• **Description of the task**
Set down again each entry exactly as it reads, pictures excluded.

====== Source data

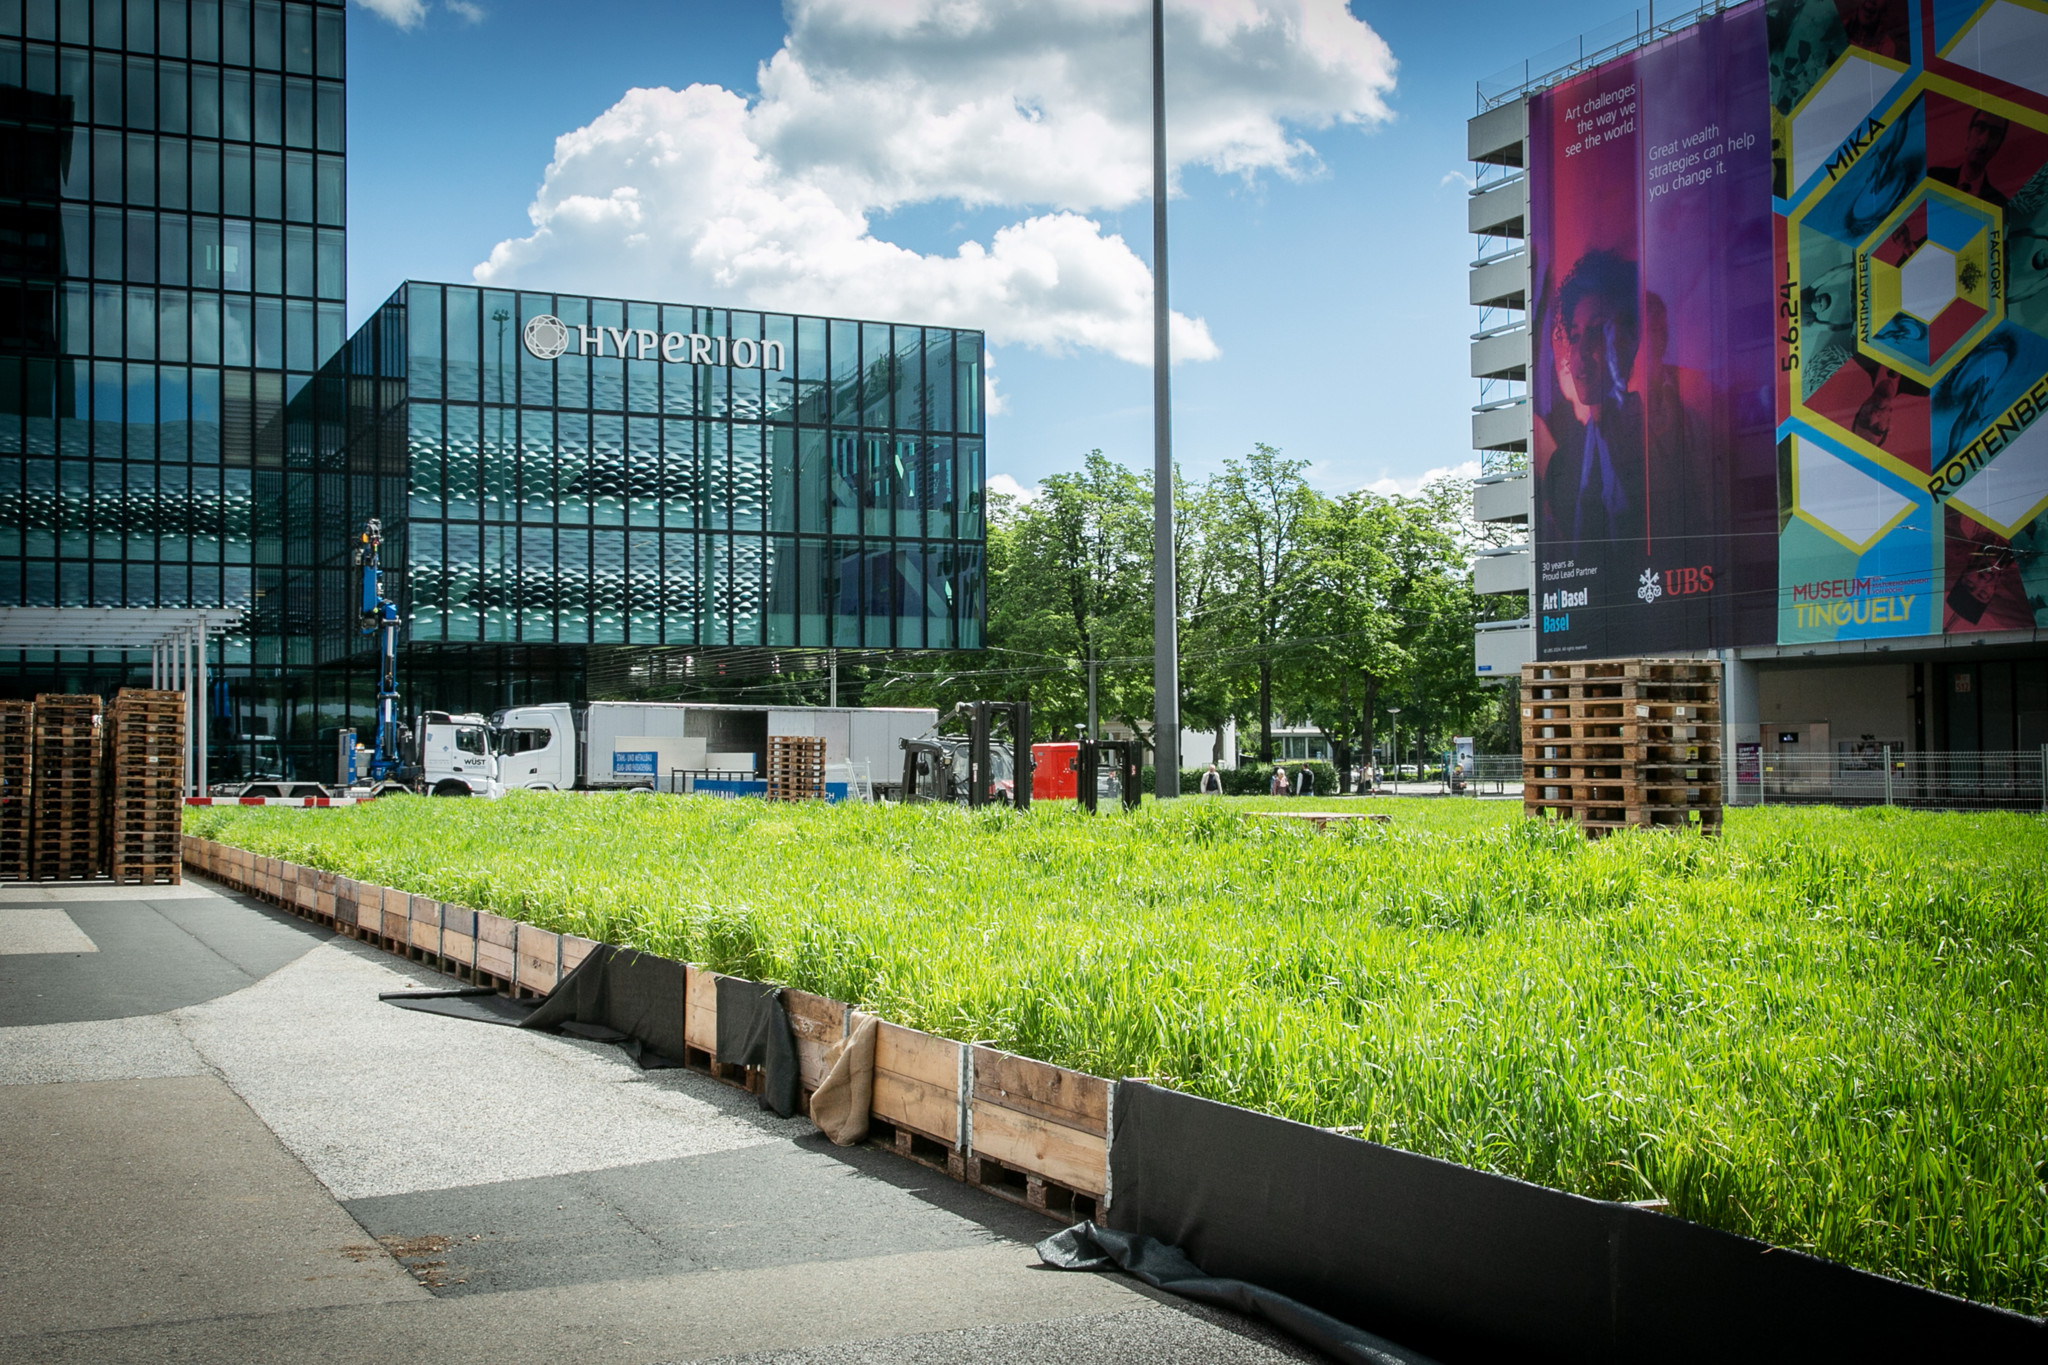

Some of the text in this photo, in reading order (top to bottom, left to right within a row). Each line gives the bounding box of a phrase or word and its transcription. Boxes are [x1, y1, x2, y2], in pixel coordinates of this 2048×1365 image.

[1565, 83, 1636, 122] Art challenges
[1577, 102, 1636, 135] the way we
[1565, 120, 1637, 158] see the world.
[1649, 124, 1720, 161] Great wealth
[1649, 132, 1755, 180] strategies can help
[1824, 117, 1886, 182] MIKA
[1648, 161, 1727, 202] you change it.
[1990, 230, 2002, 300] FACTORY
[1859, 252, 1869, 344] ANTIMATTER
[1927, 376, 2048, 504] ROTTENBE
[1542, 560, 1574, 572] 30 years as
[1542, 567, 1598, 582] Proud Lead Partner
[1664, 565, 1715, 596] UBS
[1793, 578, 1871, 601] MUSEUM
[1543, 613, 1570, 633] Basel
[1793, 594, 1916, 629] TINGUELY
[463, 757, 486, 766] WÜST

============

• **Output below**
Some of the text in this photo, in reading order (top to bottom, left to right within a row). Each line gives the bounding box of a phrase or word and its transcription. Boxes are [x1, y1, x2, y2], in pixel coordinates of this 2048×1365 image.

[1565, 83, 1636, 122] Art challenges
[1577, 102, 1636, 135] the way we
[1565, 120, 1637, 158] see the world.
[1649, 124, 1720, 161] Great wealth
[1649, 132, 1755, 180] strategies can help
[1824, 117, 1886, 182] MIKA
[1648, 161, 1727, 202] you change it.
[1990, 230, 2002, 300] FACTORY
[1859, 252, 1869, 344] ANTIMATTER
[1927, 376, 2048, 504] ROTTENBE
[1542, 560, 1574, 572] 30 years as
[1542, 567, 1598, 582] Proud Lead Partner
[1664, 565, 1715, 596] UBS
[1793, 578, 1871, 601] MUSEUM
[1543, 613, 1570, 633] Basel
[1793, 594, 1916, 629] TINGUELY
[463, 757, 486, 766] WÜST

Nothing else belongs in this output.